近来,研究人员采用能捕获癌症干细胞和非肿瘤干细胞通过自我转移过程中种群间动态相互作用的模型。通过这个模型研究人员模拟了免疫系统,观察免疫反应对肿瘤的扩散过程的影响。
研究人员发现低毒性的免疫反应能不断地杀死癌细胞,虽然效率比较低,但能导致空间受限的癌症干细胞之间距离增大,推动肿瘤细胞自我转移以及持续的肿瘤生长。然而,随着免疫系统力量的增加,肿瘤生长达到了高峰阶段,然后肿瘤团块最终不受限于免疫反应的影响。这种日益增长的免疫反应与癌症干细胞的数量和比例递增相关,提示癌症干细胞对免疫反应存在其他意想不到的响应。 (生物谷:Bioon.com)
编译自:Immunoediting: Evidence of the multifaceted role of the immune system in self-metastatic tumor growth
doi:10.1186/1742-4682-9-31
PMC:
PMID:
Immunoediting: Evidence of the multifaceted role of the immune system in self-metastatic tumor growth
Heiko Enderling, Lynn Hlatky and Philip Hahnfeldt
Background
The role of the immune system in tumor progression has been subject to discussion for many decades.
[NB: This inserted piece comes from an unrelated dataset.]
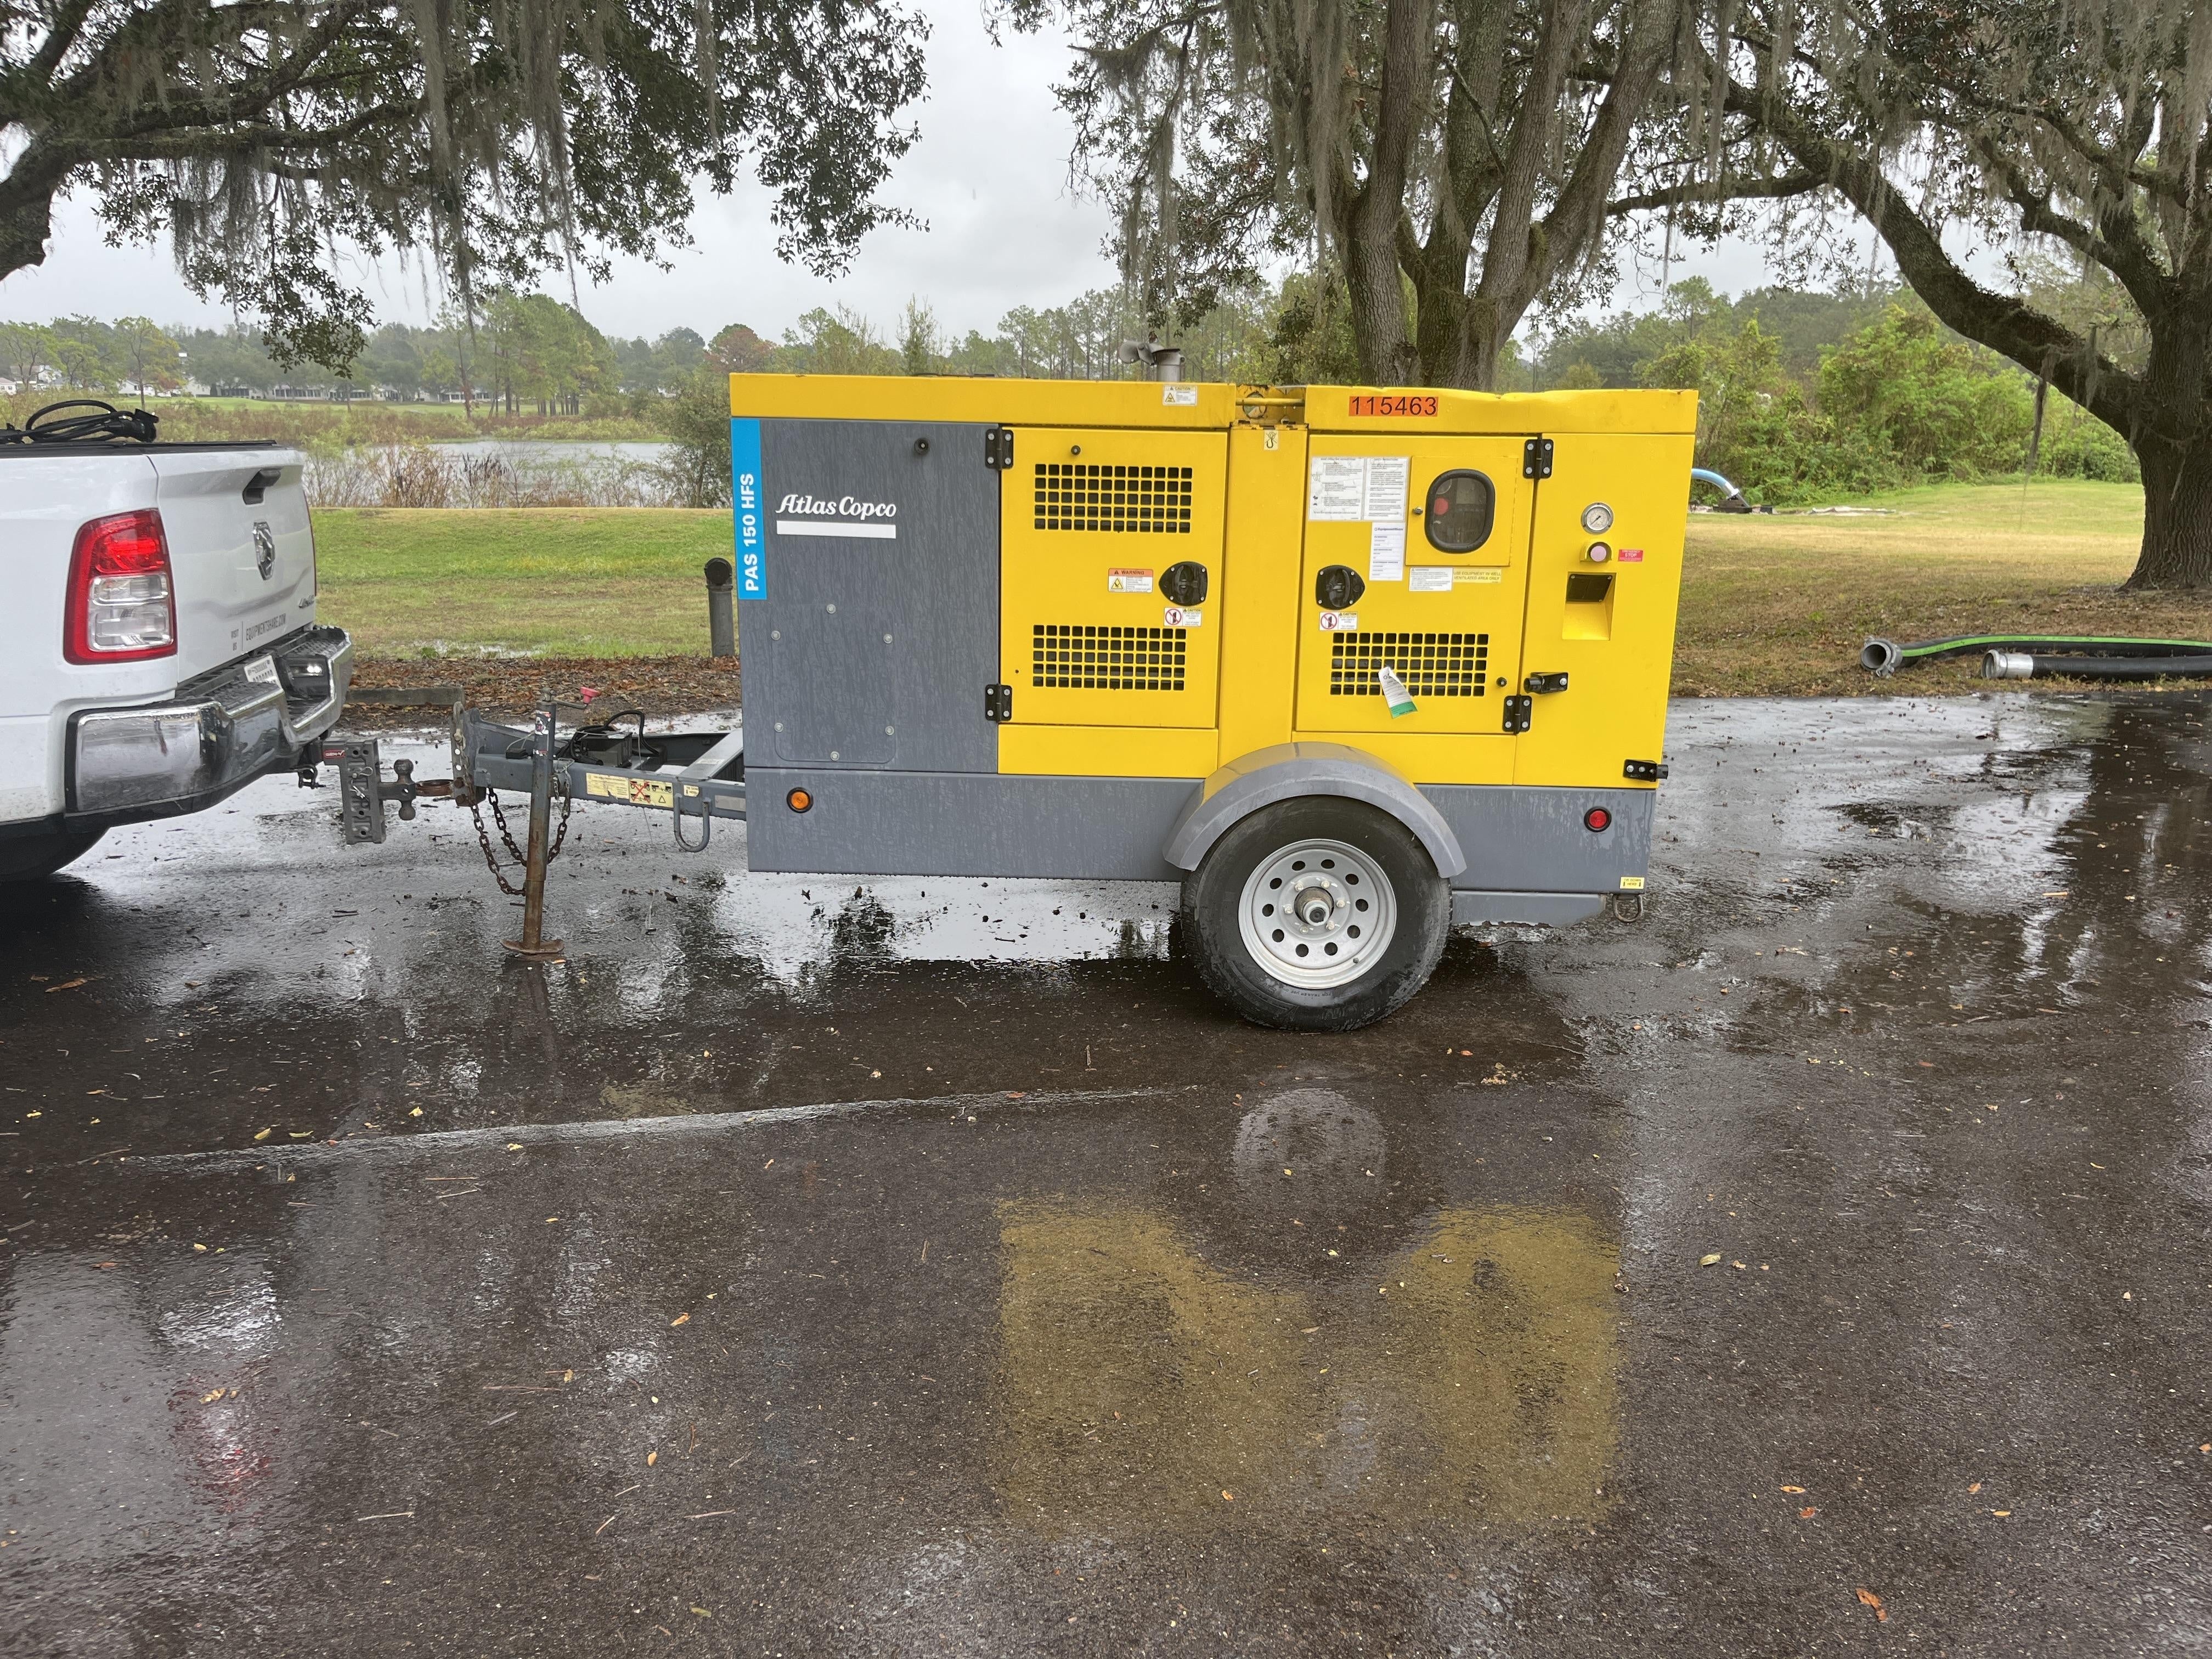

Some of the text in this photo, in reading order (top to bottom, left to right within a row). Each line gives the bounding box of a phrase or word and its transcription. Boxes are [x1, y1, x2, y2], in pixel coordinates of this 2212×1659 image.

[1352, 396, 1437, 416] 115463
[775, 494, 896, 521] Atlas Copco
[740, 473, 759, 591] PAS 150 HFS
Numerous studies suggest that a low immune response might be beneficial, if not necessary, for tumor growth, and only a strong immune response can counter tumor growth and thus inhibit progression.
Methods
We implement a cellular automaton model previously described that captures the dynamical interactions between the cancer stem and non-stem cell populations of a tumor through a process of self-metastasis. By overlaying on this model the diffusion of immune reactants into the tumor from a peripheral source to target cells, we simulate the process of immune-system-induced cell kill on tumor progression.
Results
A low cytotoxic immune reaction continuously kills cancer cells and, although at a low rate, thereby causes the liberation of space-constrained cancer stem cells to drive self-metastatic progression and continued tumor growth. With increasing immune system strength, however, tumor growth peaks, and then eventually falls below the intrinsic tumor sizes observed without an immune response. With this increasing immune response the number and proportion of cancer stem cells monotonically increases, implicating an additional unexpected consequence, that of cancer stem cell selection, to the immune response.
Conclusions
Cancer stem cells and immune cytotoxicity alone are sufficient to explain the three-step "immunoediting" concept - the modulation of tumor growth through inhibition, selection and promotion.